Холодная толпа взирает на поэта,
Как на заезжего фигляра: если он
Глубоко выразит сердечный, тяжкий стон,
И выстраданный стих, пронзительно-унылый,
Ударит по сердцам с неведомою силой, —
Она в ладони бьет и хвалит, иль порой
Неблагосклонною кивает головой.
Постигнет ли певца внезапное волненье,
Утрата скорбная, изгнанье, заточенье, —
«Тем лучше, — говорят любители искусств, —
Тем лучше! наберет он новых дум и чувств

И нам их передаст». Но счастие поэта
Меж ими не найдет сердечного привета,
Когда боязненно безмолвствует оно...

Александр Сергеевич Пушкин
В гораздо более развернутом виде те же мысли 26 октября Пушкин воплотит в прозе. Иногда представляясь в третьем лице, он позволил себе поразительное откровение.

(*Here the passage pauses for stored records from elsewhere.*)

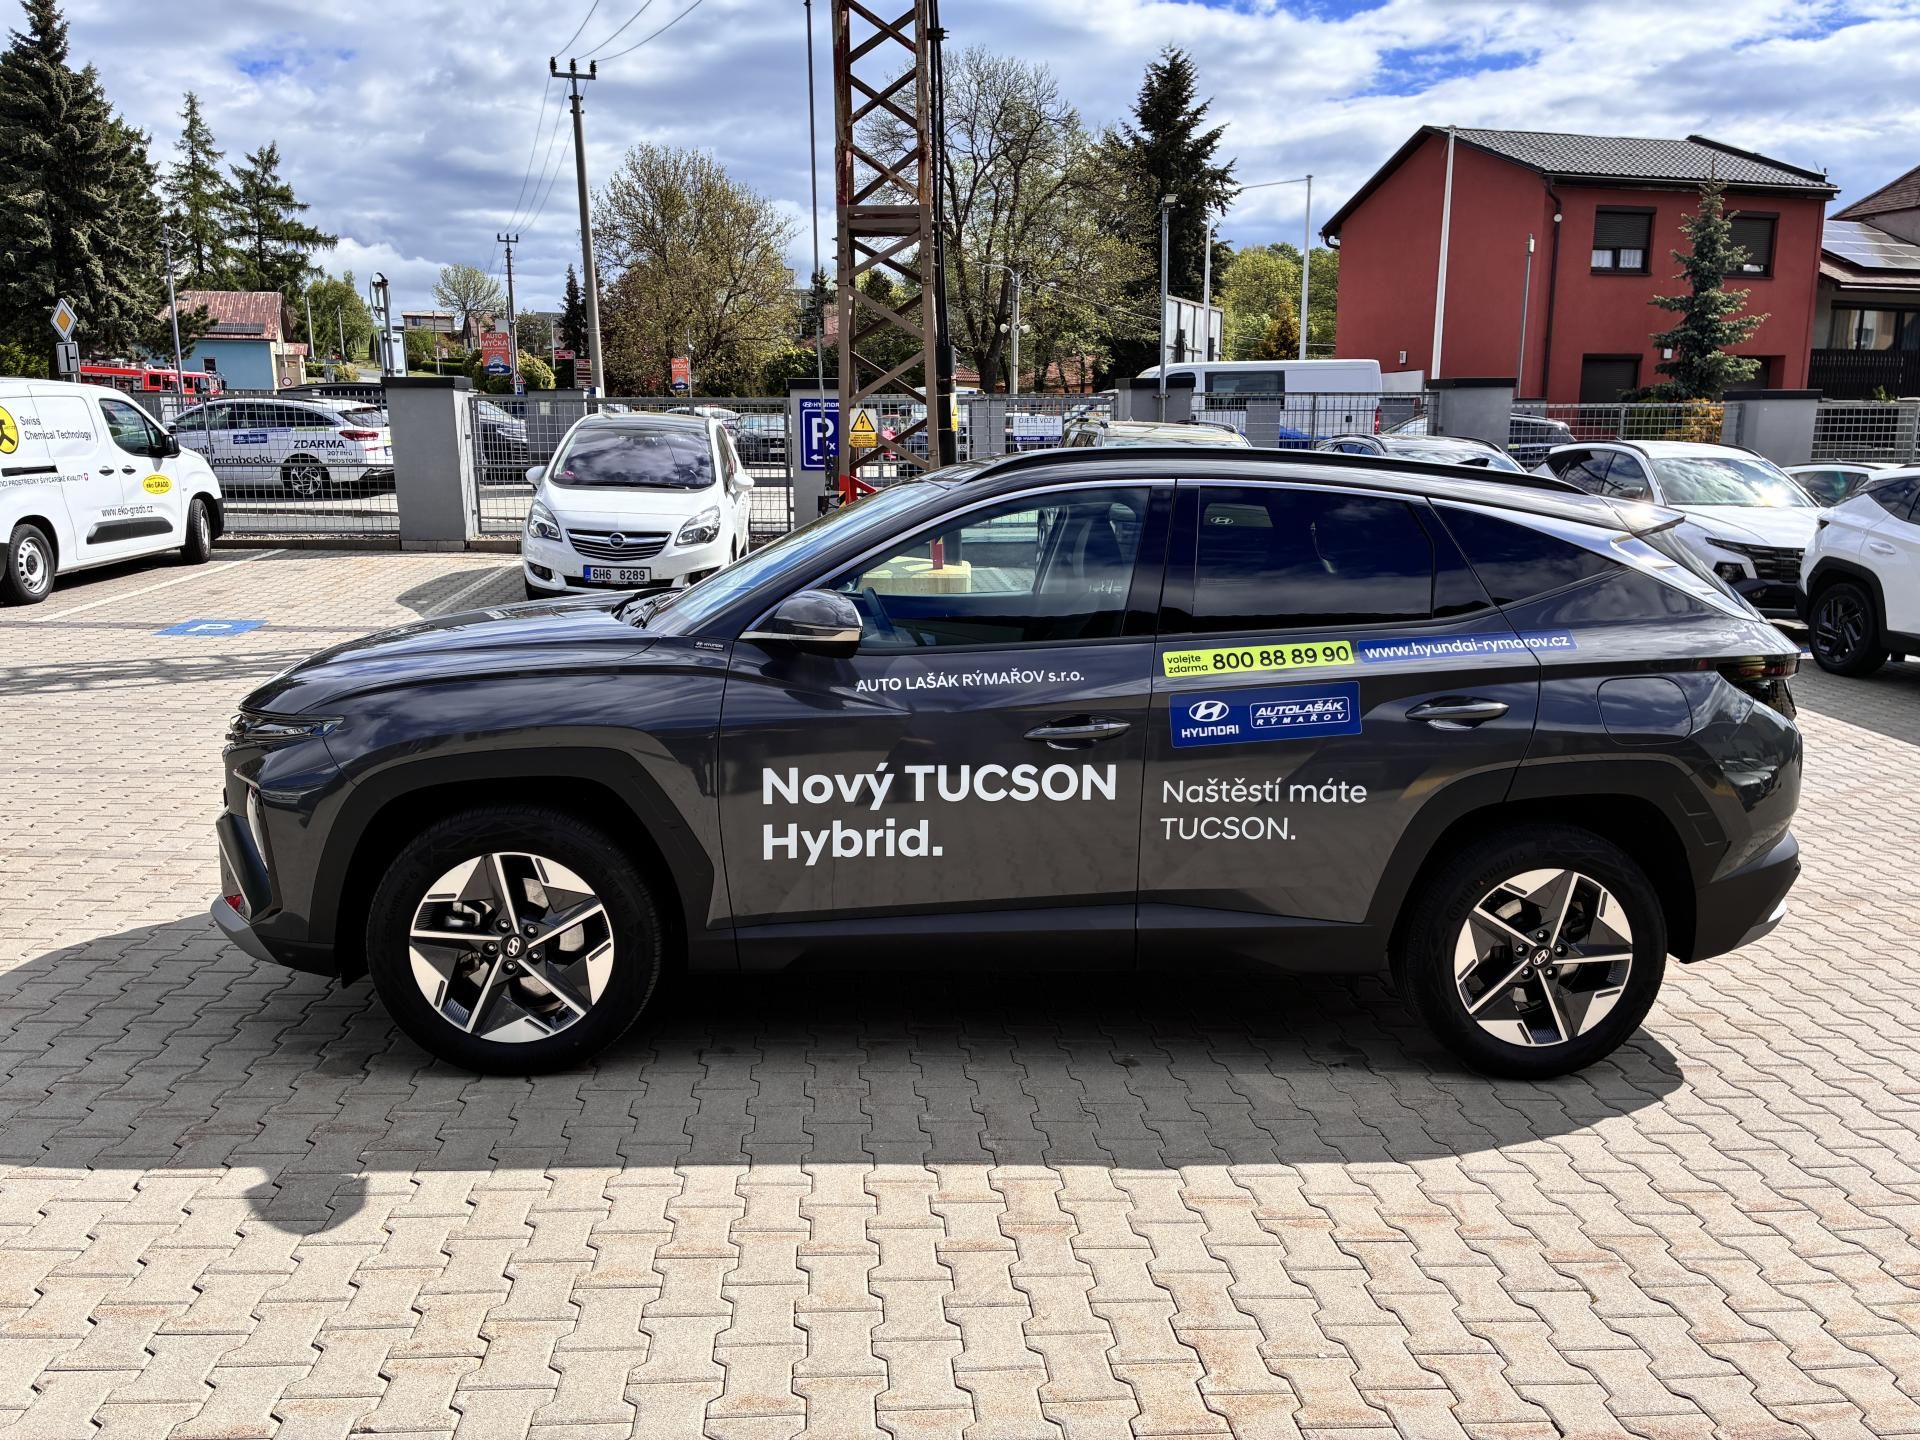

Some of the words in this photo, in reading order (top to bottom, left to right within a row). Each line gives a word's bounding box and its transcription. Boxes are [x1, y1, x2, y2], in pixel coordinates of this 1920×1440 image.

[482, 339, 508, 347] MYČKA
[20, 416, 41, 426] Swiss
[24, 430, 55, 440] Chemical
[56, 430, 92, 441] Technology
[811, 417, 835, 450] P
[294, 440, 345, 449] ZDARMA
[101, 505, 153, 518] www.eko-grado.cz
[592, 568, 612, 580] 6H6
[619, 569, 646, 581] 8289
[1364, 633, 1571, 660] www.hyundai-rymarov.cz
[1167, 654, 1202, 665] volejte
[1212, 651, 1254, 670] 800
[1259, 649, 1287, 667] 88
[1291, 647, 1318, 664] 89
[1322, 645, 1350, 662] 90
[1168, 664, 1209, 674] zdarma
[855, 677, 903, 693] AUTO
[905, 671, 960, 691] LAŠÁK
[962, 667, 1046, 688] RÝMAŘOV
[1047, 670, 1085, 684] s.r.o.
[1254, 698, 1344, 717] AUTOLAŠÁK
[1256, 712, 1346, 726] RÝMAŘOV
[1181, 724, 1240, 739] HYUNDAI
[762, 762, 896, 811] Nový
[904, 763, 1118, 802] TUCSON
[1162, 777, 1283, 804] Naštěstí
[1288, 777, 1368, 804] máte
[1160, 815, 1297, 841] TUCSON.
[762, 817, 944, 867] Hybrid.
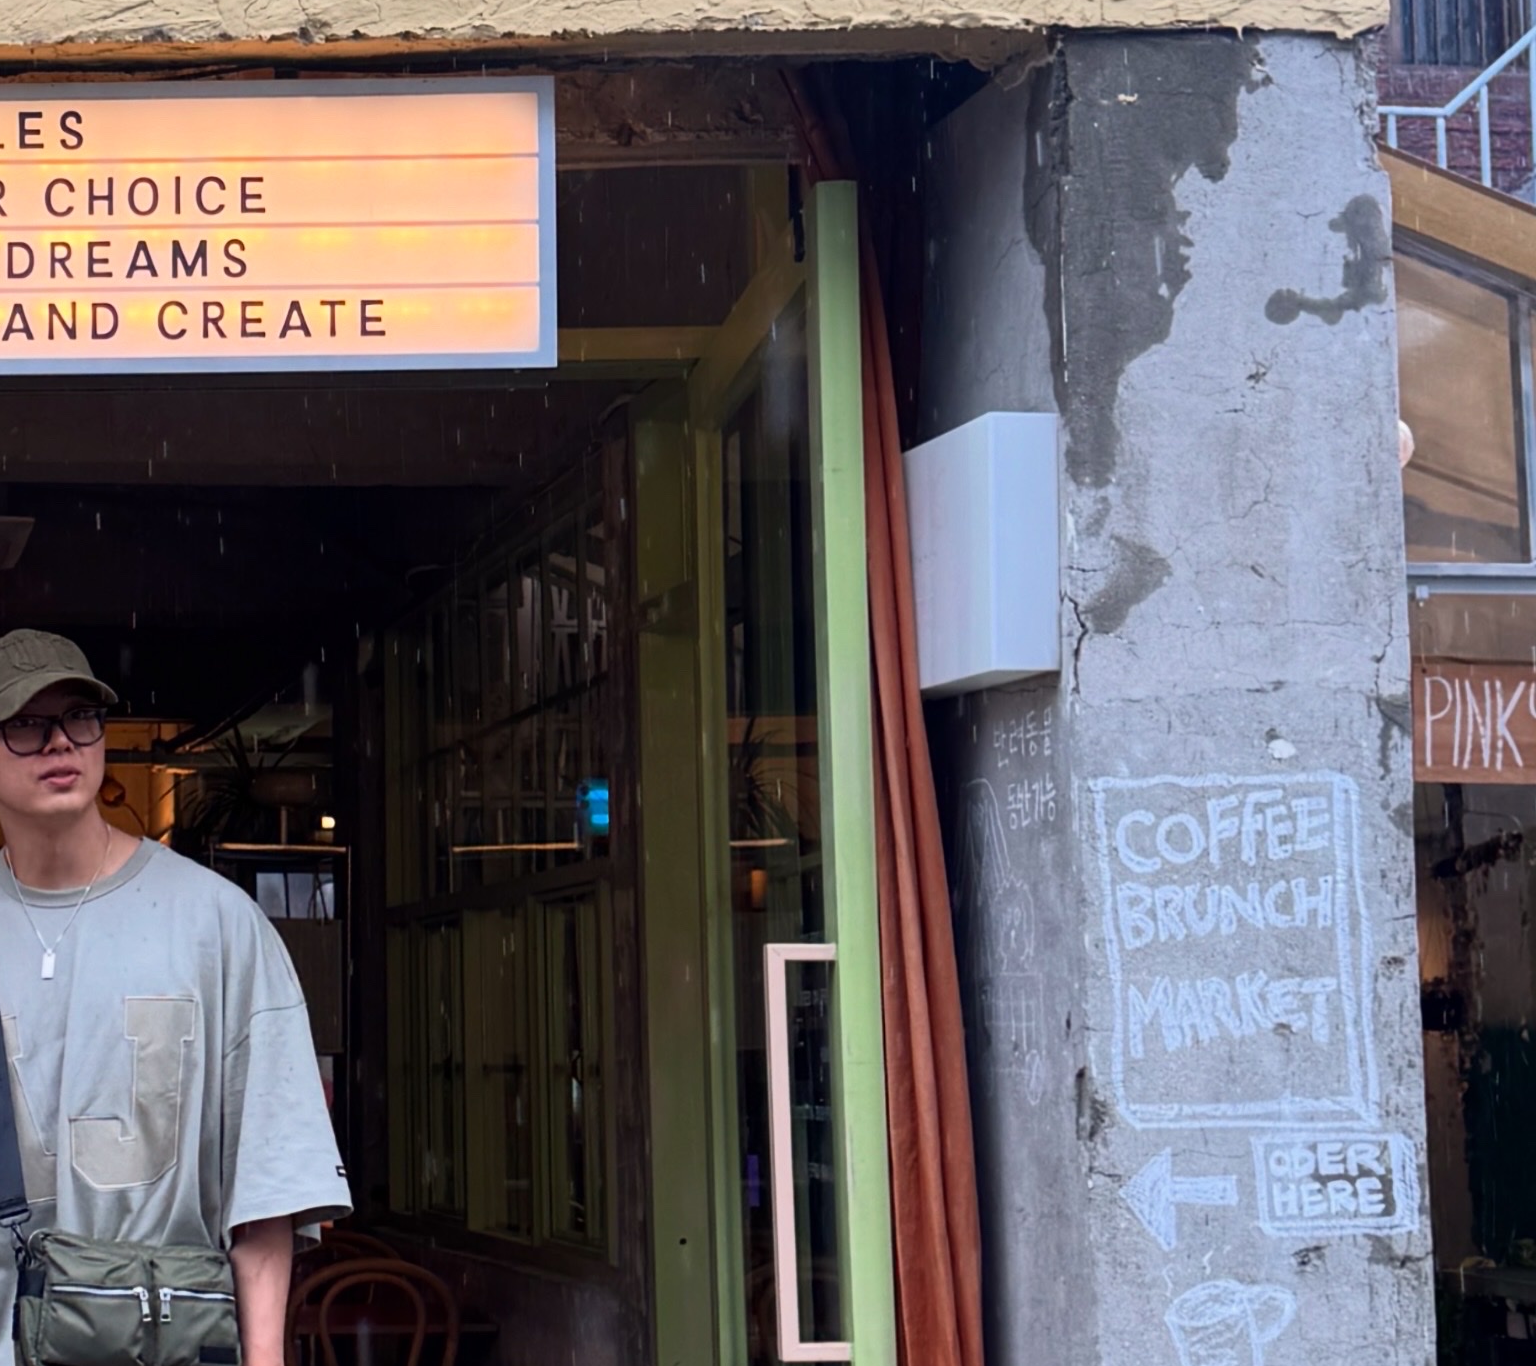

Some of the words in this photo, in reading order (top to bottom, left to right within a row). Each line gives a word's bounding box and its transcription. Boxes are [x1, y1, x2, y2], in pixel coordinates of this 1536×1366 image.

[44, 175, 266, 217] CHOICE
[7, 238, 247, 279] DREAMS
[1, 301, 119, 342] AND
[157, 299, 386, 340] CREATE
[1424, 675, 1536, 771] PINK
[1115, 788, 1330, 873] COFFEE
[1116, 875, 1333, 950] BRUNCH
[1128, 969, 1337, 1059] MARKET
[1269, 1142, 1386, 1177] ODER
[1272, 1177, 1386, 1217] HERE
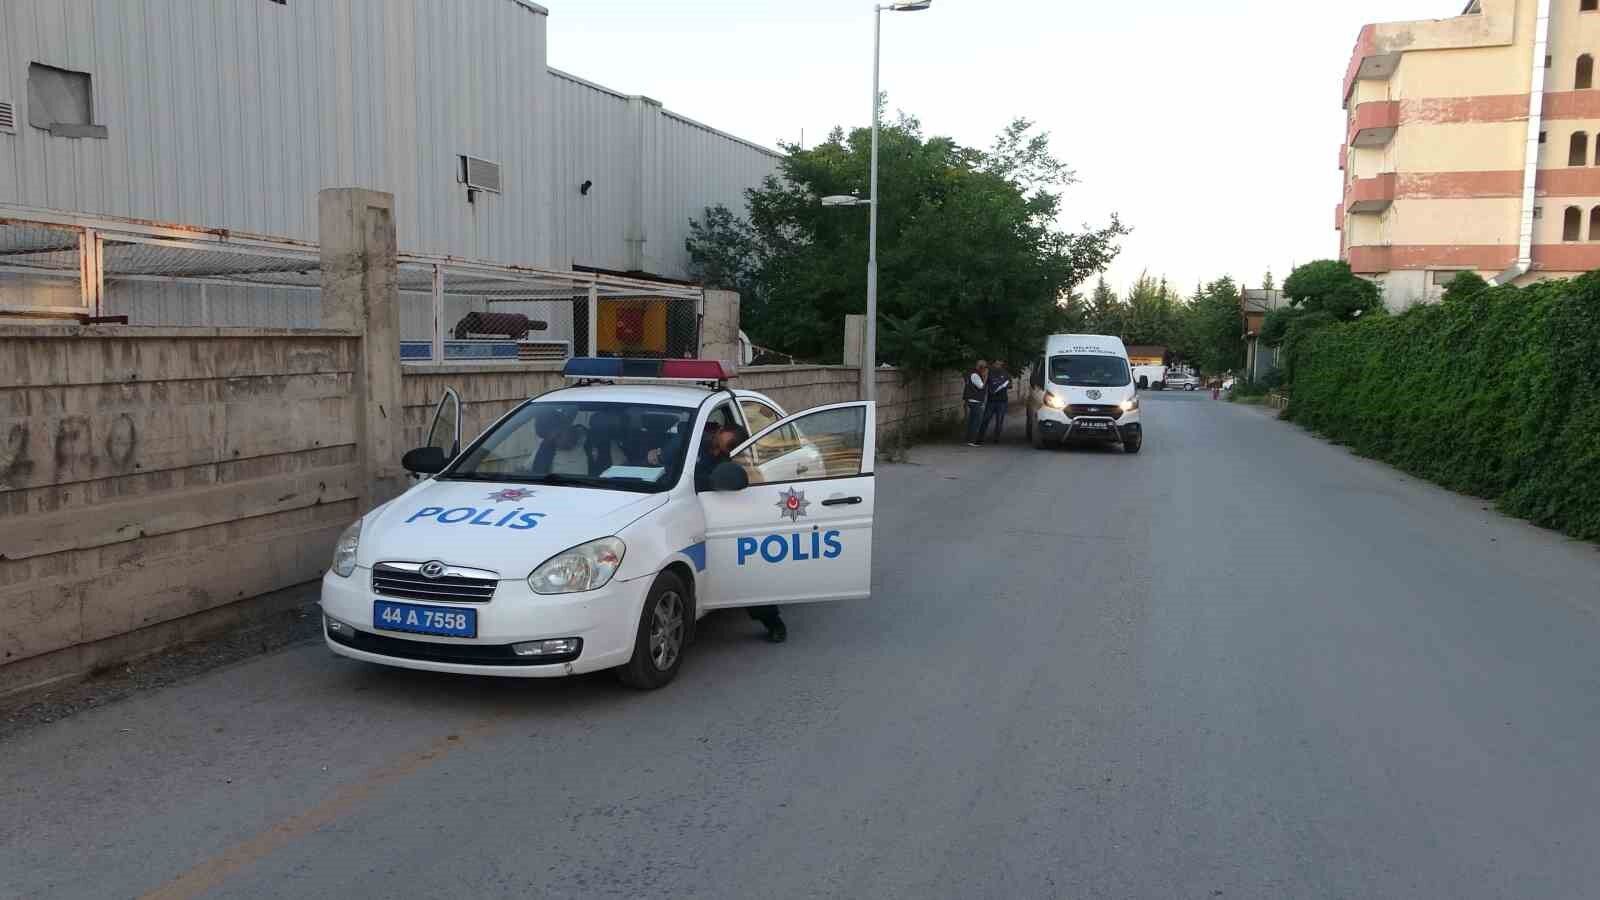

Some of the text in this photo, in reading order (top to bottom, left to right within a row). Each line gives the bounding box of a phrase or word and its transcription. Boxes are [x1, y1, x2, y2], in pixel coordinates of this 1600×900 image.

[405, 507, 547, 530] POLİS
[737, 525, 842, 565] POLİS
[382, 607, 466, 630] 44 A 7558

«Несмотря на великие преимущества, коими пользуются стихотворцы (признаться, кроме права ставить винительный вместо родительного падежа после частицы не и кой-каких еще так называемых стихотворческих вольностей, мы никаких особенных преимуществ за стихотворцами не ведаем) — как бы то ни было, несмотря на всевозможные их преимущества, эти люди подвержены большим невыгодам и неприятностям. Не говорю о их обыкновенном гражданском ничтожестве и бедности, вошедшей в пословицу, о зависти и клевете братьи, коих они делаются жертвами, если они в славе, о презрении и насмешках, со всех сторон падающих на них, если произведения их не нравятся,— но что, кажется, может сравниться с несчастием для них неизбежимым (разумеем суждения глупцов)? Однако же и сие горе, как оно ни велико, не есть крайним еще для них. Зло самое горькое, самое нестерпимое для стихотворца есть его звание, прозвище, коим он заклеймен и которое никогда его не покидает. Публика смотрит на него как на свою собственность, считает себя вправе требовать от него отчета в малейшем шаге. По ее мнению, он рожден для ее удовольствия и дышит для того только, чтоб подбирать рифмы. Требуют ли обстоятельства присутствия его в деревне, при возвращении его первый встречный спрашивает его: не привезли ли вы нам чего-нибудь нового? Явится ль он в армию, чтоб взглянуть на друзей и родственников, публика требует непременно от него поэмы на последнюю победу, и газетчики сердятся, почему долго заставляет он себя ждать. Задумается ли он о расстроенных своих делах, о предположении семейственном, о болезни милого ему человека, тотчас уже пошлая улыбка сопровождает пошлое восклицание: верно изволите сочинять. Влюбится ли он, красавица его нарочно покупает себе альбом и ждет уже элегии. Приедет ли он к соседу поговорить о деле или просто для развлечения от трудов, сосед кличет своего сынка и заставляет мальчишку читать стихи такого-то, и мальчишка самым жалостным голосом угощает стихотворца его же изуродованными стихами. А это еще называется торжеством. Каковы же должны быть невзгоды? Не знаю, но последние легче, кажется, переносить. По крайней мере один из моих приятелей, известный стихотворец, признавался, что сии приветствия, вопросы, альбомы и мальчишки до такой степени бесили его, что поминутно принужден он был удерживаться от какой-нибудь грубости и твердить себе, что эти добрые люди не имели, вероятно, намерения вывести его из терпения...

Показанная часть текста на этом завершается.